• Information given
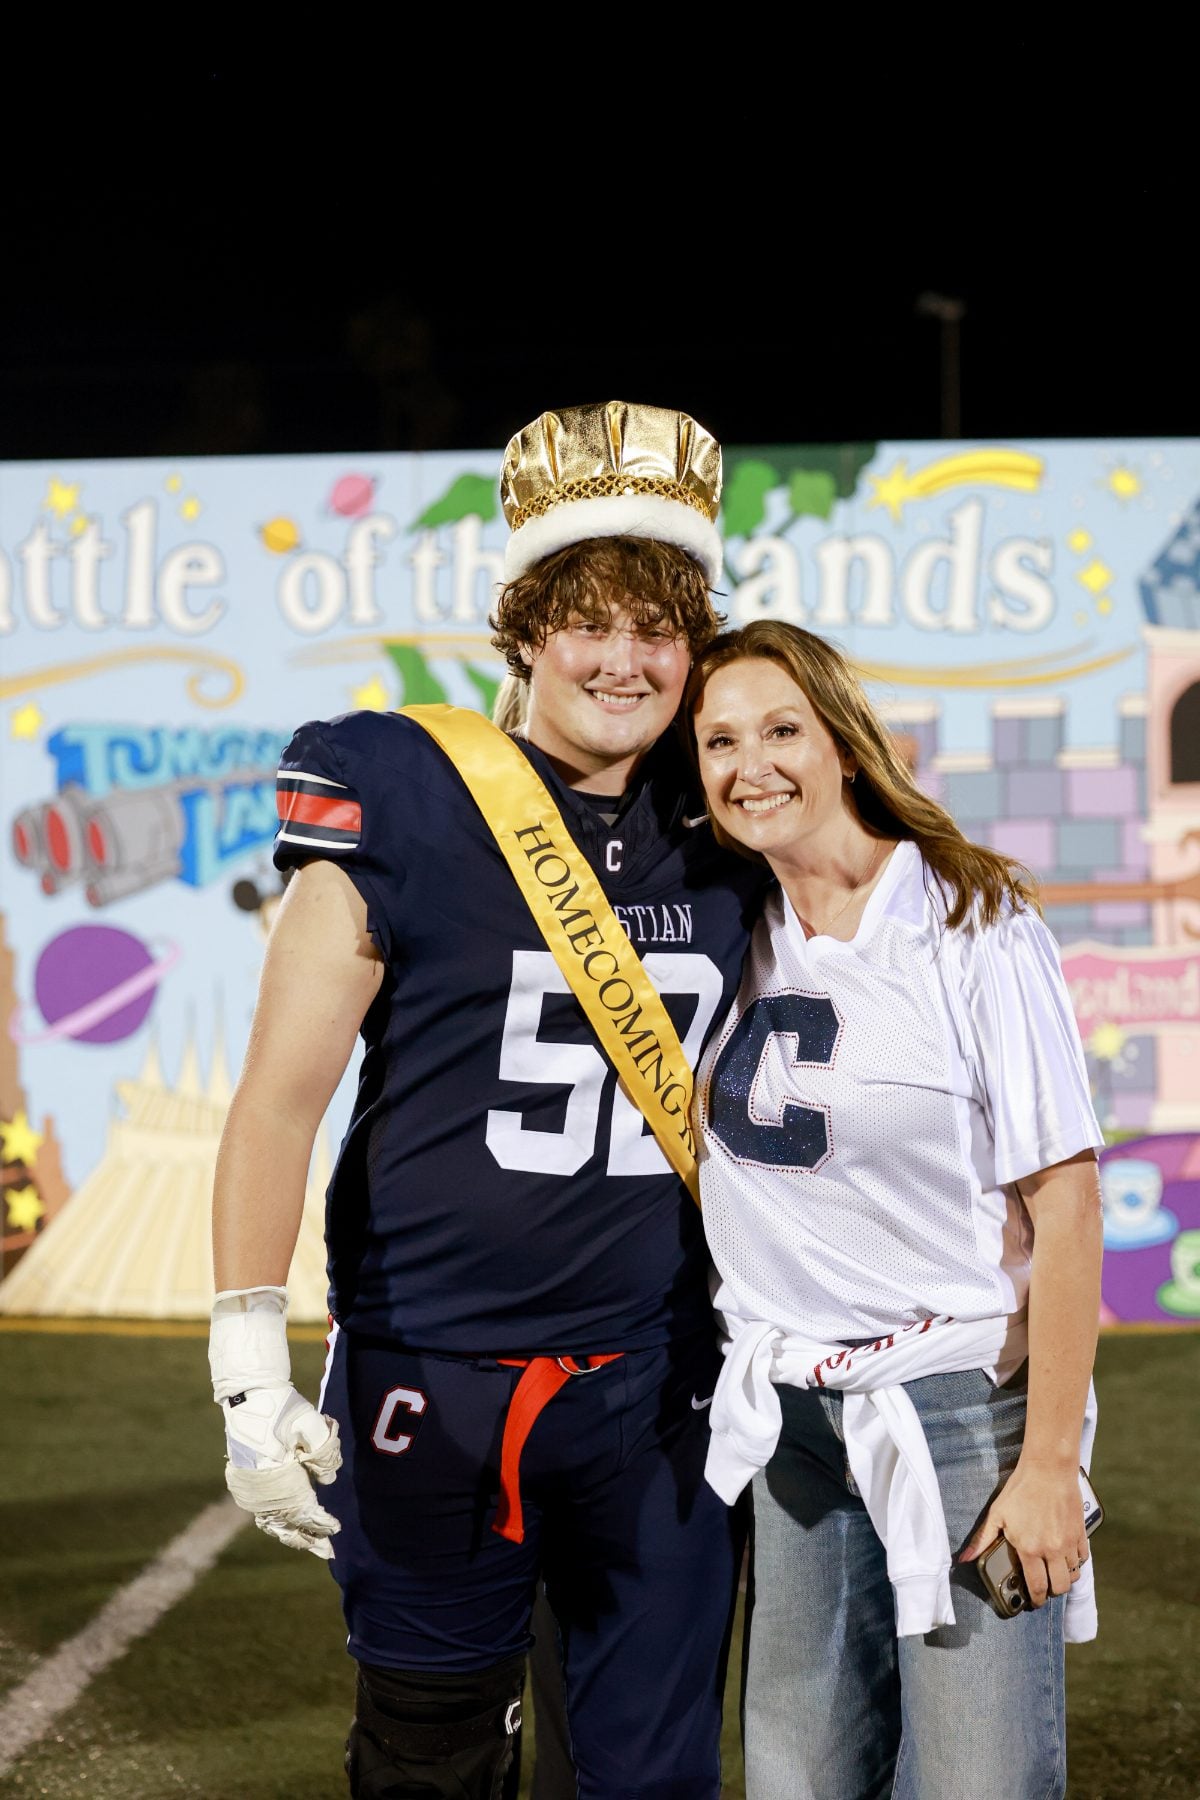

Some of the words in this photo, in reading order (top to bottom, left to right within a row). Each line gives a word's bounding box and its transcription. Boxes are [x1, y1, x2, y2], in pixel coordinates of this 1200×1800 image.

[279, 514, 397, 635] of
[408, 513, 504, 622] th
[731, 495, 1058, 635] ands
[606, 840, 623, 871] C
[609, 904, 692, 943] STIAN
[514, 820, 687, 1116] HOMECOMING
[485, 950, 724, 1177] 52
[701, 986, 845, 1174] C
[370, 1384, 429, 1457] C

• Problem
Your answer must be an exact reproduction of all entries, containing no pictures.

• Output
Some of the words in this photo, in reading order (top to bottom, left to right within a row). Each line gives a word's bounding box and its transcription. Boxes are [x1, y1, x2, y2], in pixel coordinates of this 1200×1800 image.

[279, 514, 397, 635] of
[408, 513, 504, 622] th
[731, 495, 1058, 635] ands
[606, 840, 623, 871] C
[609, 904, 692, 943] STIAN
[514, 820, 687, 1116] HOMECOMING
[485, 950, 724, 1177] 52
[701, 986, 845, 1174] C
[370, 1384, 429, 1457] C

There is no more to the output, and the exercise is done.